The regulatory domain of squalene monooxygenase contains a re-entrant loop and senses cholesterol via a conformational change [Lipids]

October 3rd, 2015 by Howe, V., Chua, N. K., Stevenson, J., Brown, A. J.

Squalene monooxygenase (SM) is an important control point in cholesterol synthesis beyond 3 hydroxy 3 methylglutaryl CoA reductase (HMGCR). Although it is known to associate with the endoplasmic reticulum (ER), its topology has not been determined. We have elucidated the membrane topology of the sterol-responsive domain of SM, comprising the first 100 amino acids fused to GFP (SM N100-GFP) by determining the accessibility of 16 introduced cysteines to the cysteine-reactive, membrane-impermeable reagent PEG-maleimide (mPEG).
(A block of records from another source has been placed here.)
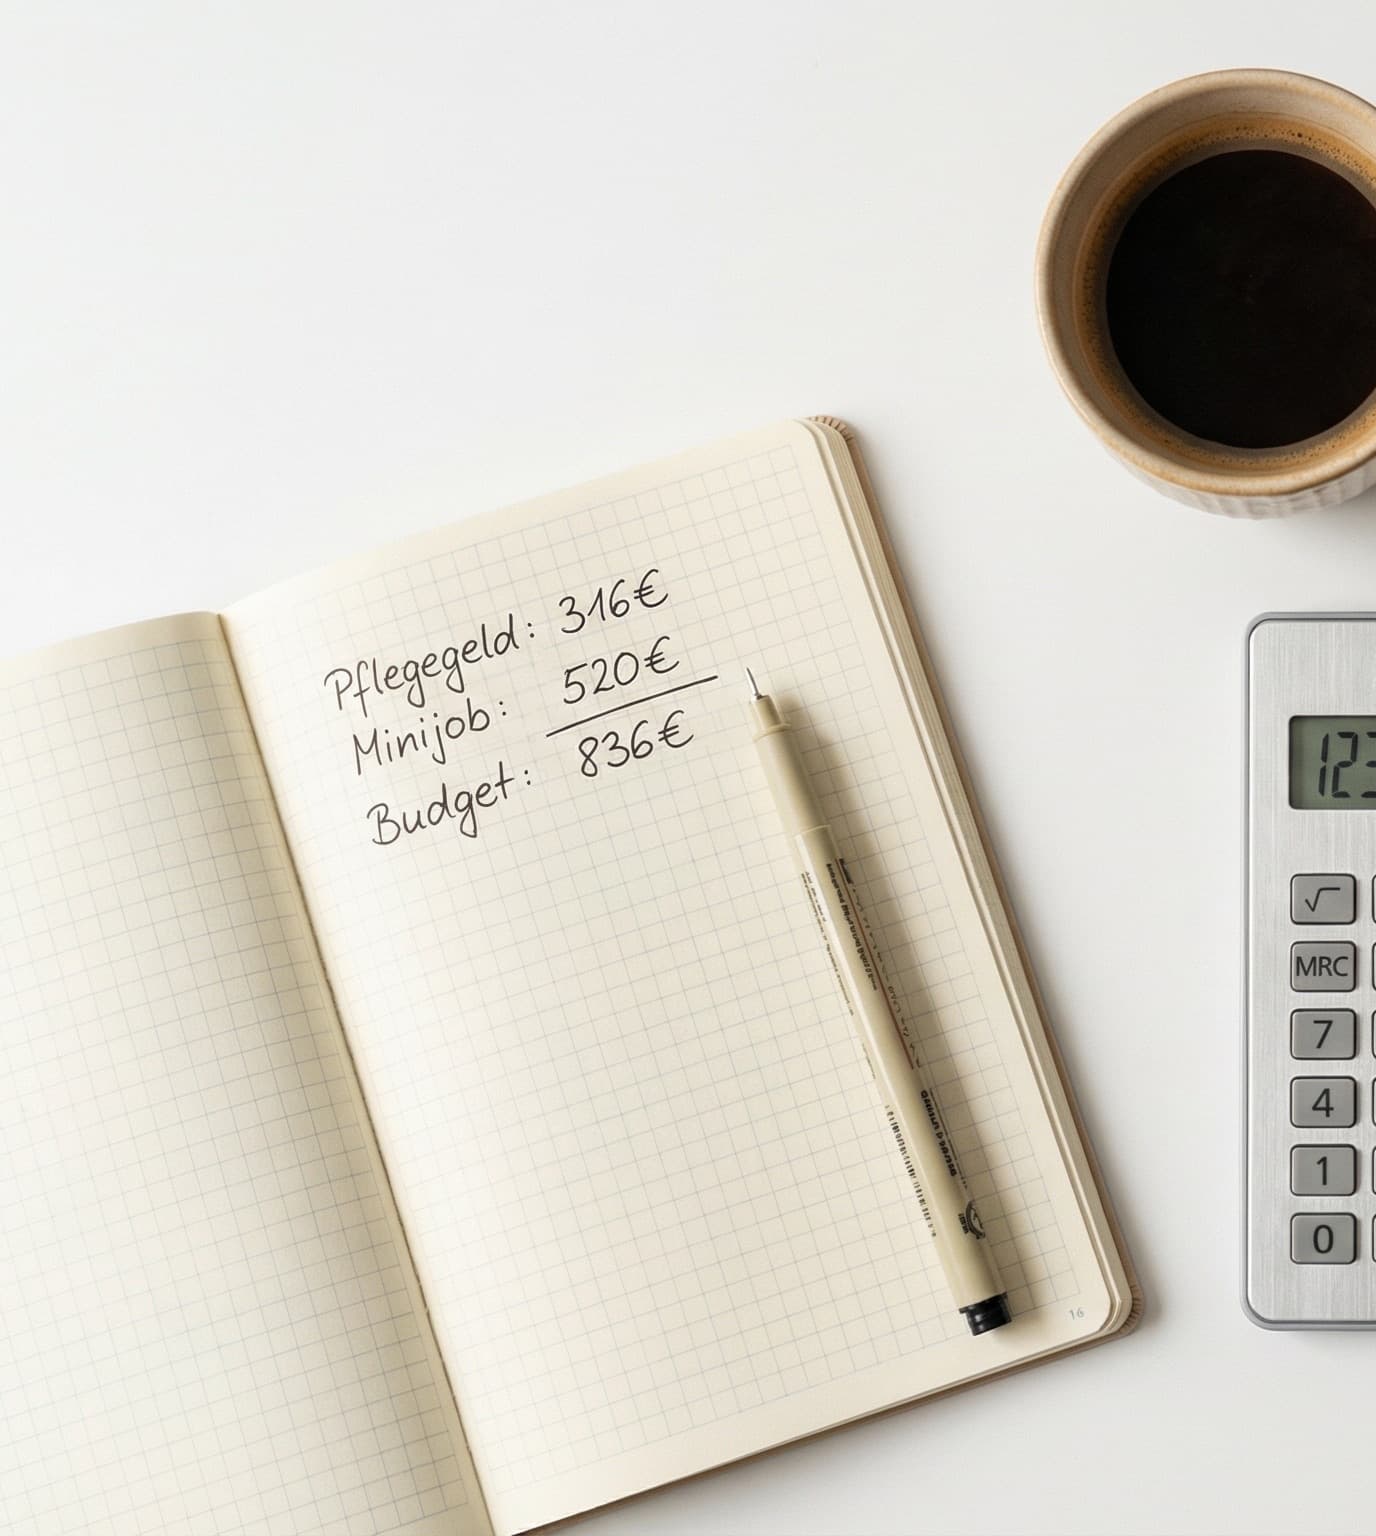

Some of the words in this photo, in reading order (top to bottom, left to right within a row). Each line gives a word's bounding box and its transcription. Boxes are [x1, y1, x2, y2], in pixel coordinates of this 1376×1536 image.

[323, 613, 536, 718] Pflegegeld:
[559, 568, 669, 634] 316€
[353, 697, 507, 775] Minijob:
[563, 636, 680, 704] 520€
[366, 761, 532, 845] Budget:
[578, 709, 695, 777] 836€
[1295, 956, 1349, 977] MRC
[1313, 1020, 1333, 1049] 7
[1311, 1088, 1334, 1117] 4
[1315, 1156, 1328, 1185] 1
[1312, 1225, 1334, 1254] 0
We have identified a region integrally associated with the ER membrane that is likely to interact with cholesterol or respond to cholesterol-induced membrane effects. By comparing cysteine accessibility with and without cholesterol treatment, we further present evidence to suggest that cholesterol induces a conformational change in SM N100-GFP. This change is likely to lead to its targeted degradation by the ubiquitin-proteasome system (UPS), since degradation is blunted by treatment with the chemical chaperone glycerol, which retains SM N100-GFP in its native conformation. Furthermore, degradation can be disrupted by insertion of two N-terminal myc tags, implicating the N-terminus in this process. Together, this information provides new molecular insights into the regulation of this critical control point in cholesterol synthesis.